> _What you should do_
Please reproduce the entries exactly, skipping each picture.

> _Data to process_

========================

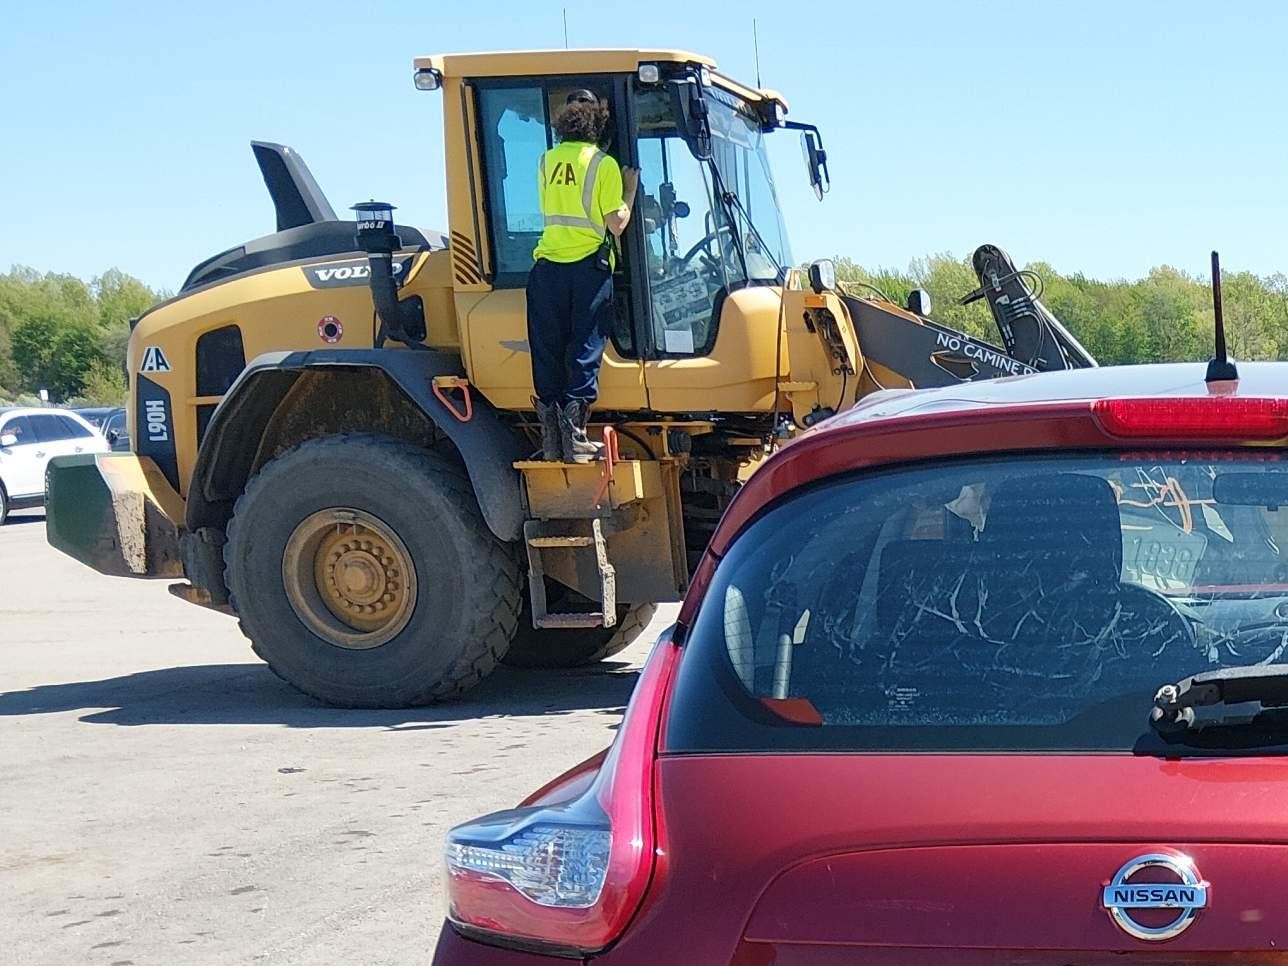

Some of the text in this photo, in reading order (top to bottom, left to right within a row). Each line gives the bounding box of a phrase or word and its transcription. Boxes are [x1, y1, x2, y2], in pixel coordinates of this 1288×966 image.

[357, 221, 375, 230] urbo
[314, 262, 403, 281] VOLO
[936, 333, 960, 351] NO
[964, 345, 1019, 376] CAMINE
[145, 400, 168, 441] L90H
[1114, 889, 1195, 903] NISSAN

========================

> _Expected answer_
Some of the text in this photo, in reading order (top to bottom, left to right within a row). Each line gives the bounding box of a phrase or word and its transcription. Boxes are [x1, y1, x2, y2], in pixel coordinates of this 1288×966 image.

[357, 221, 375, 230] urbo
[314, 262, 403, 281] VOLO
[936, 333, 960, 351] NO
[964, 345, 1019, 376] CAMINE
[145, 400, 168, 441] L90H
[1114, 889, 1195, 903] NISSAN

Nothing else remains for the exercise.